Selon les termes de l'accord, révélés hier par l'agence Reuters, Koei rachètera Tecmo via un échange d'actions valorisé à 20 milliards de yens, à peine plus que ce que Square Enix offrait en septembre. L'opération culminera en avril prochain par la création de la Tecmo Koei Holdings, dont 75% des parts appartiendront aux actionnaires Koei, la valeur de la société sur le marché étant près de quatre fois supérieure à celle de Tecmo. Le portfolio de titres résultant de la fusion sera, lui, assez hétérogène : Tecmo est avant tout connu pour ses jeux d'action, les séries Dead or Alive ou Ninja Gaiden en tête, tandis que Koei se spécialise plutôt dans le jeu vidéo historique et stratégique (Romance of the Three Kingdoms, Kessen…), même si Dynasty Warriors, la série de beat'em all du studio, rencontre également un fort succès.

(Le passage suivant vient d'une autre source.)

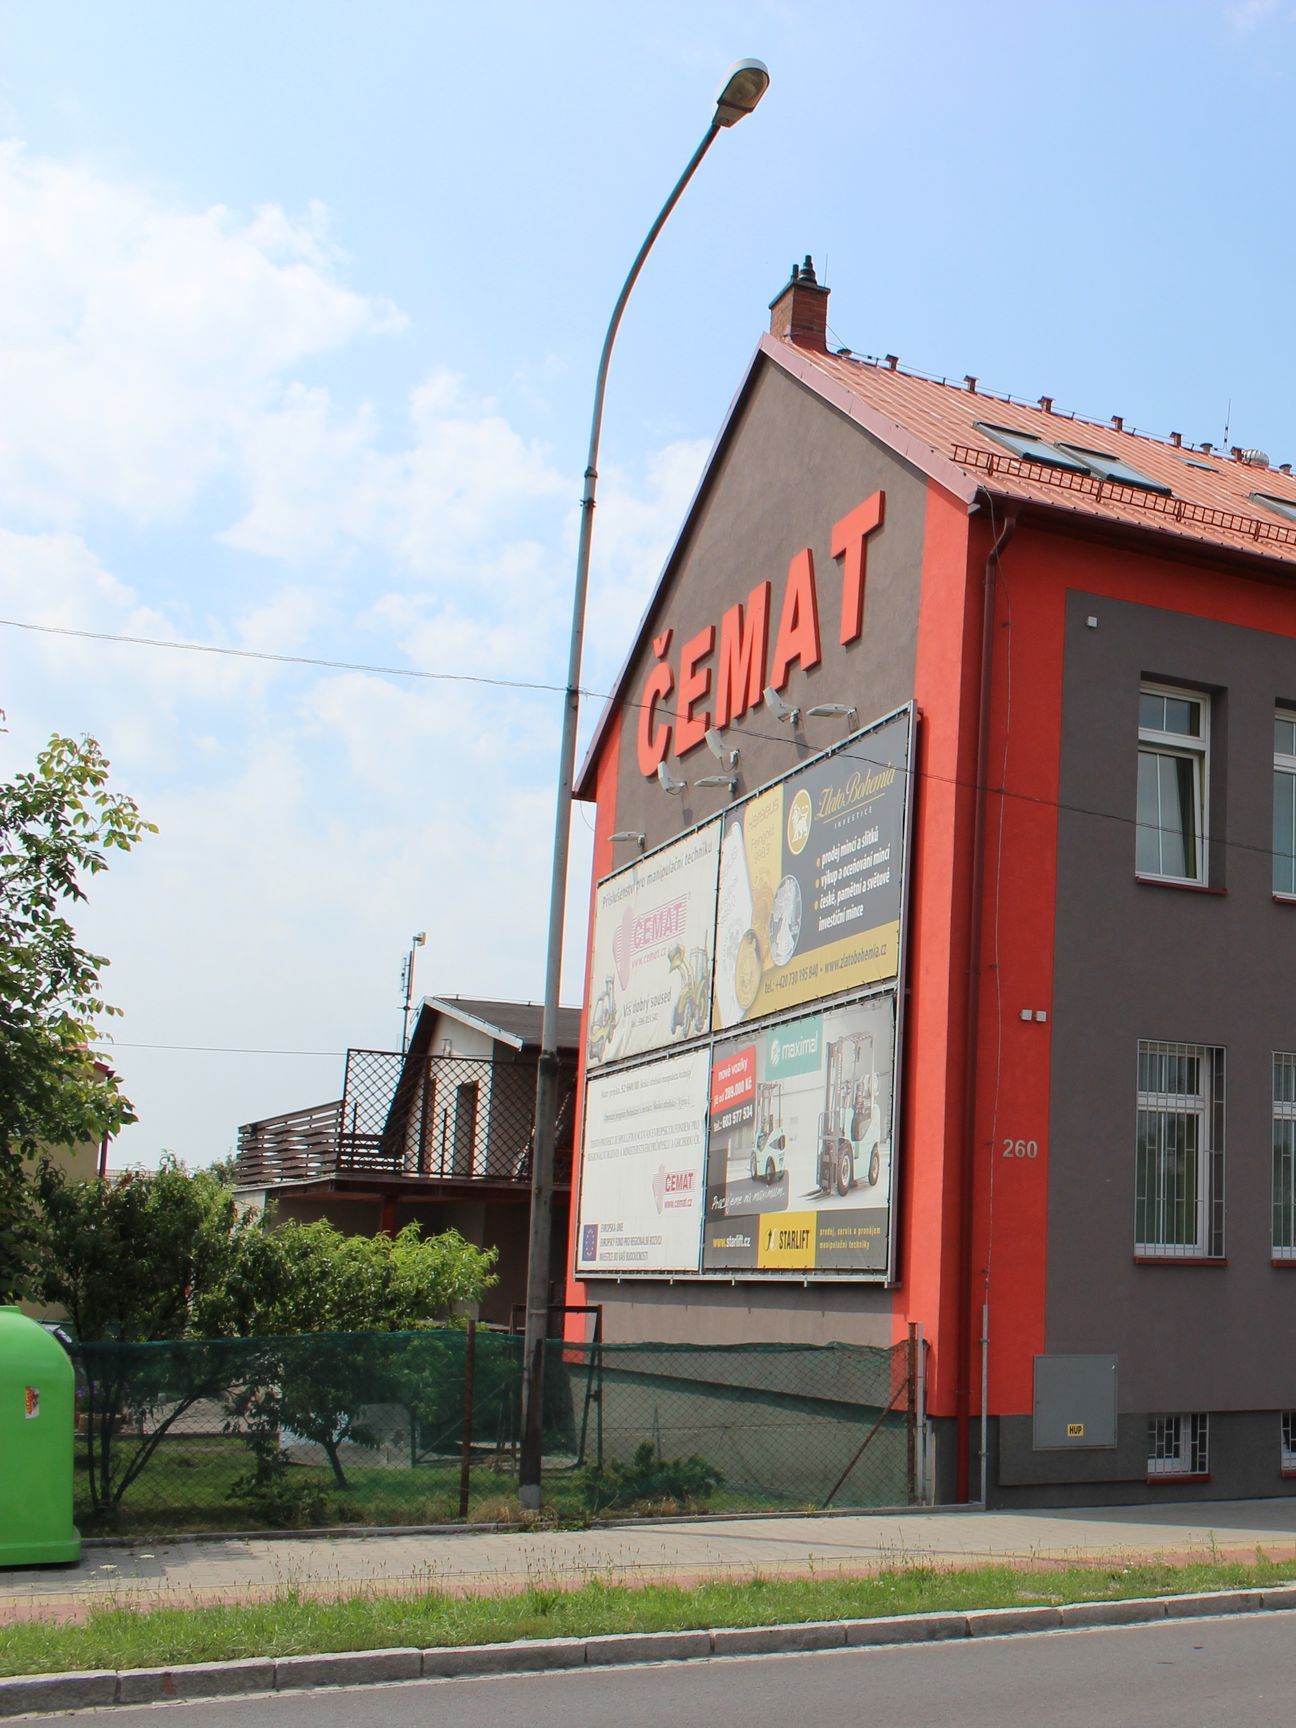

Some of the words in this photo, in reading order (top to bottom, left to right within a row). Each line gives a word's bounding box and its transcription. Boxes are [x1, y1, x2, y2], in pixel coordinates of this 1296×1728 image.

Les deux sociétés avaient annoncé entamer les discussions dès le début du mois de septembre, peu après que Tecmo ait refusé une offre similaire de rachat formulée par Square Enix. A l'époque, le studio expliquait que le délai d'une semaine imposé par le géant japonais du jeu de rôle "n'offrait que peu de temps pour des négociations" et voyait dans une éventuelle fusion avec Koei une meilleure opportunité de valoriser la compagnie "tout en préservant les identités propres des deux parties". Kenji Matsubara, président de Koei, révélait par ailleurs récemment que les fondateurs de la société et le père – décédé il y a trois ans – du président actuel de Tecmo ont été amis de longue date, ce qui aurait apparemment facilité le rapprochement.

La fusion entre Tecmo et Koei représente l'un des derniers exemples de consolidation au sein d'un marché du jeu vidéo de plus en plus compétitif et nécessitant le développement de projets de plus en plus coûteux. D'après Yoichi Wada, le Japon serait tout particulièrement touché par ce phénomène ; lors d'une conférence tenue au dernier Tokyo Game Show, le président de Square Enix avait d'ailleurs suggéré la création d'une "alliance japonaise" pour faire face à la concurrence des occidentaux. Kenji Matsubara, président de Koei, se montrait lui aussi inquiet. "Au sein d'une industrie mondiale pesant 3.000 milliards de yens, nos revenus avoisinent les 40 milliards, ce qui pose la question de savoir si nous pouvons survivre ou pas," déclarait-il en octobre dernier à l'agence Bloomberg. Les deux studios combinés visent désormais des profits et des revenus bruts de 16 et 70 milliards de yens d'ici mars 2012 ; ils avaient atteint respectivement 8.5 et 40 milliards de yens lors de leur dernière année fiscale 2007/2008.